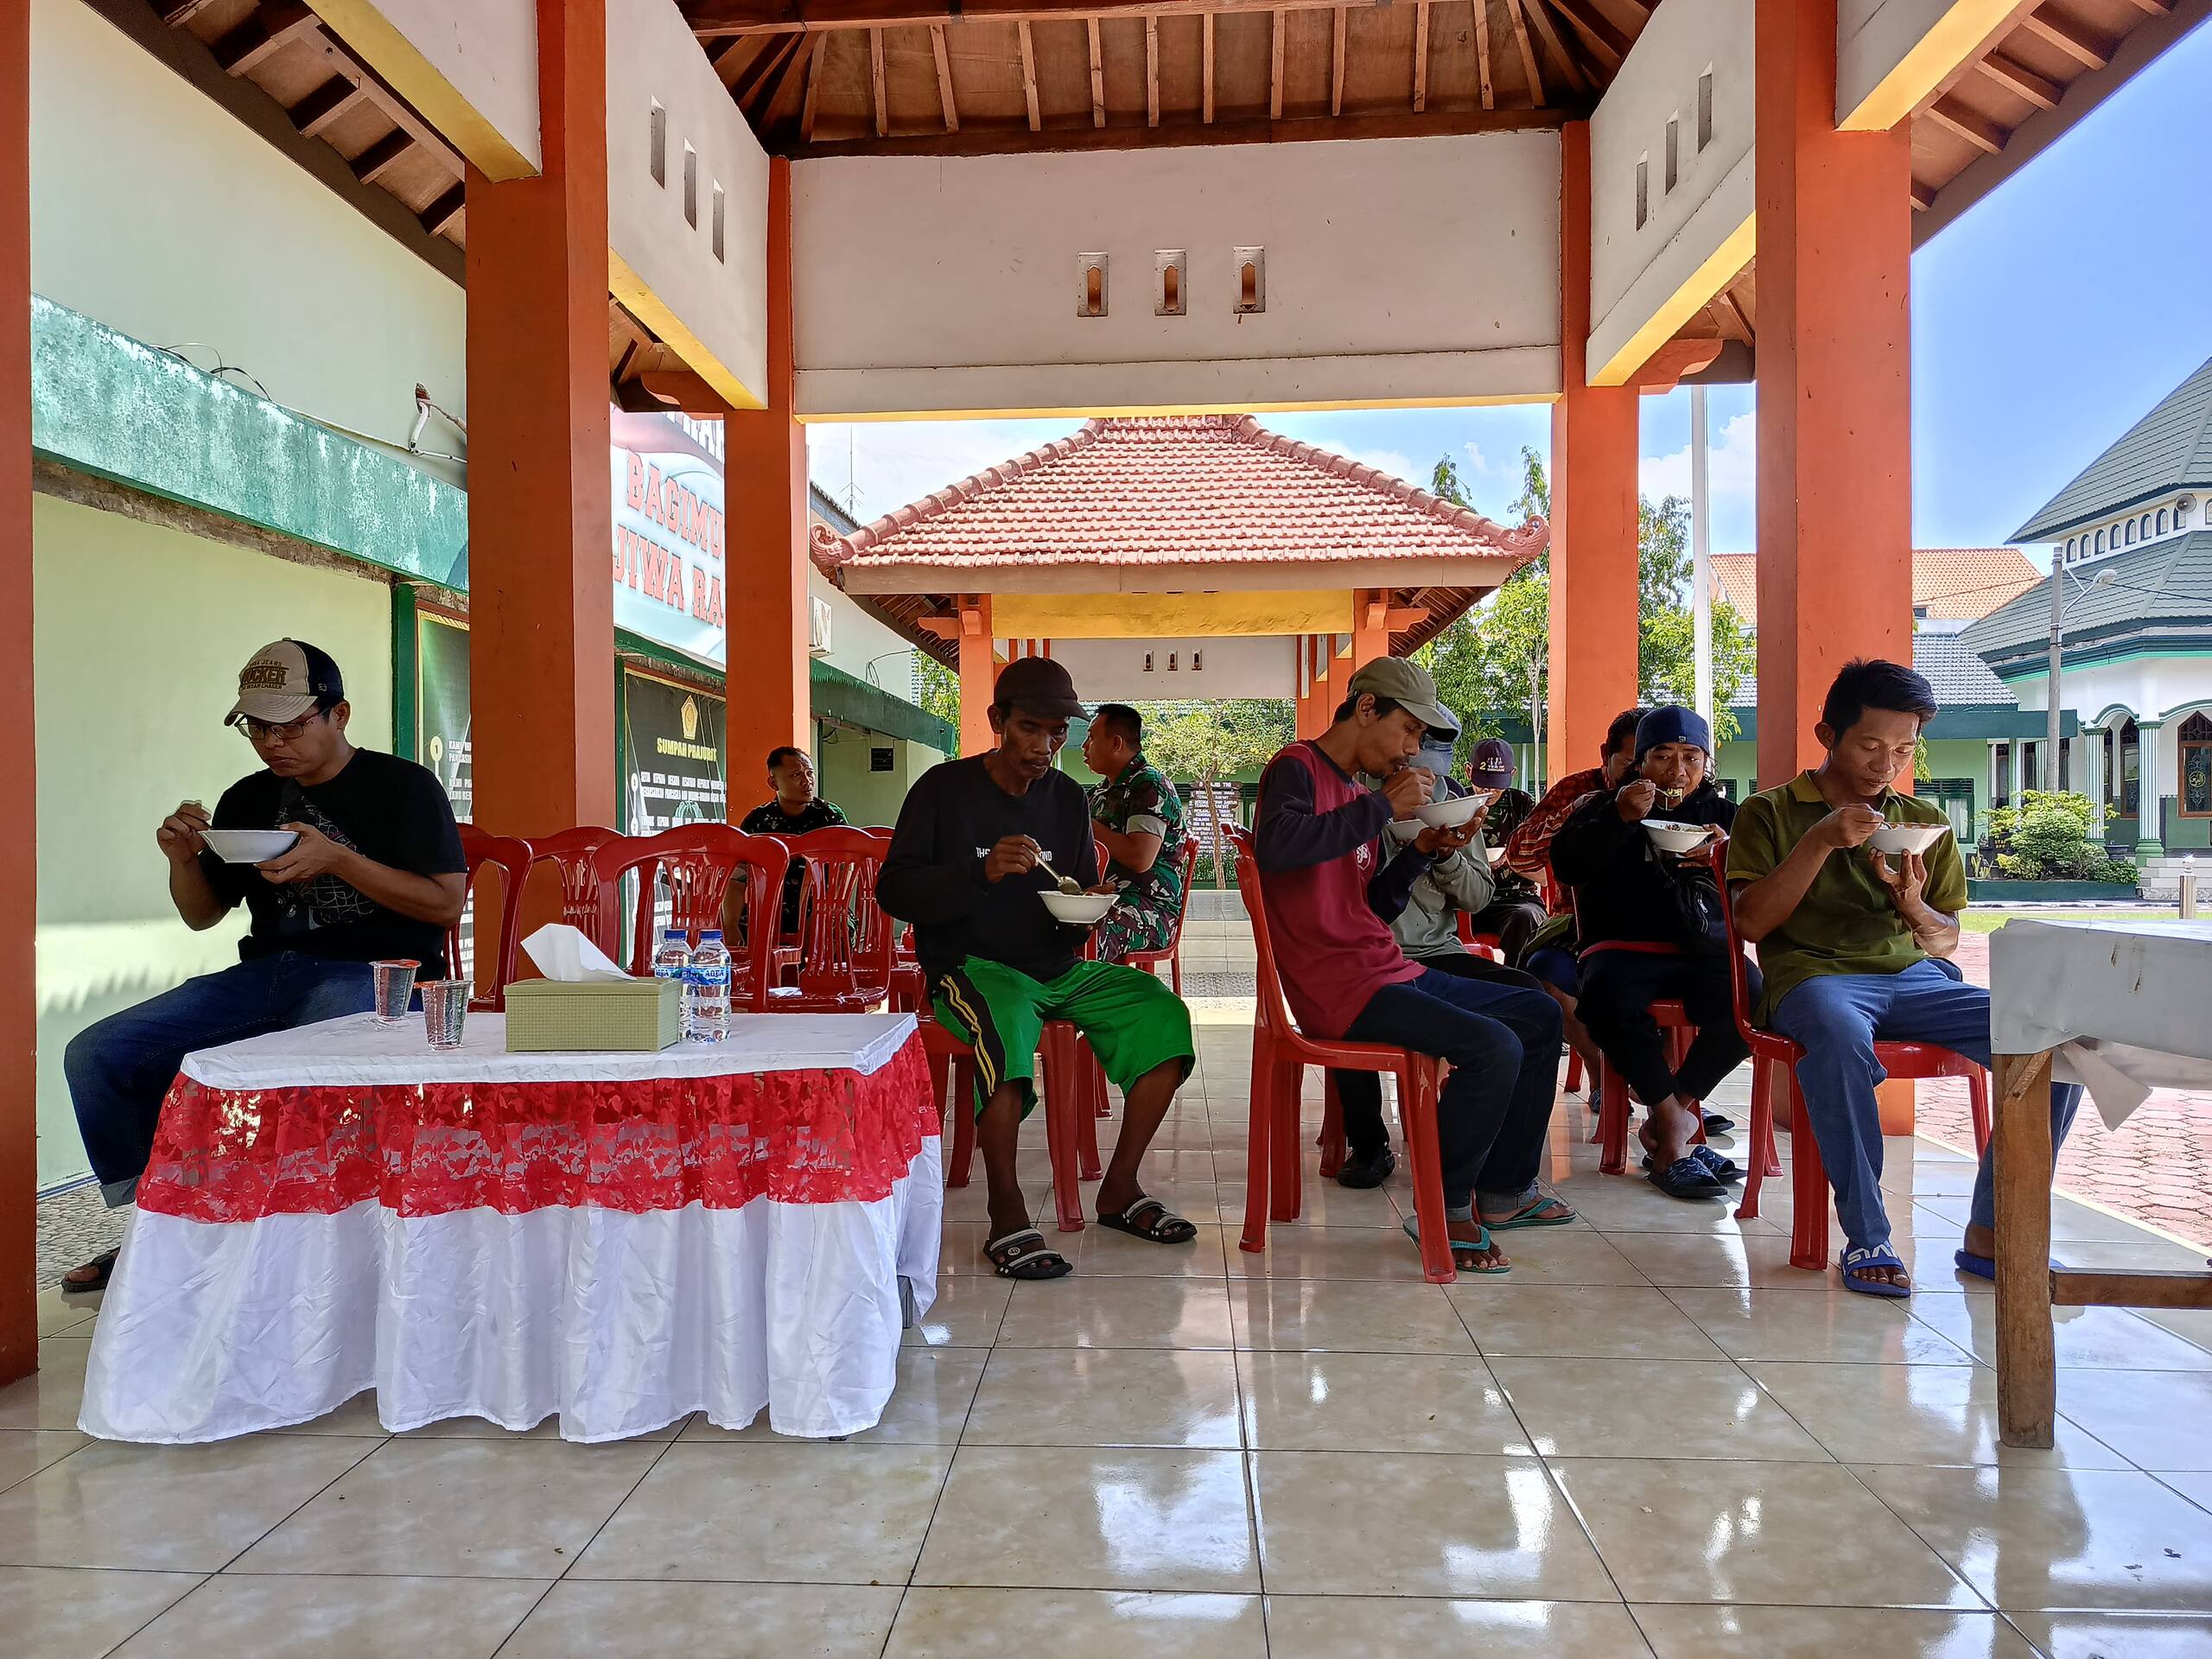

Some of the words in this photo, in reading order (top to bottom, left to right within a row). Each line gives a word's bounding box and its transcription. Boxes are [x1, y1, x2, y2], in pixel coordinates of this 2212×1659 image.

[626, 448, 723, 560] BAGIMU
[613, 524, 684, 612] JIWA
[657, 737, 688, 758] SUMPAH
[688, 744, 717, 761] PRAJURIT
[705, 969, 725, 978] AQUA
________
Work item: In the answer, all of the material should appear exactly as given, with no picture carried over.

Final answer:
Some of the words in this photo, in reading order (top to bottom, left to right within a row). Each line gives a word's bounding box and its transcription. Boxes are [x1, y1, x2, y2], in pixel coordinates of this 2212×1659 image.

[626, 448, 723, 560] BAGIMU
[613, 524, 684, 612] JIWA
[657, 737, 688, 758] SUMPAH
[688, 744, 717, 761] PRAJURIT
[705, 969, 725, 978] AQUA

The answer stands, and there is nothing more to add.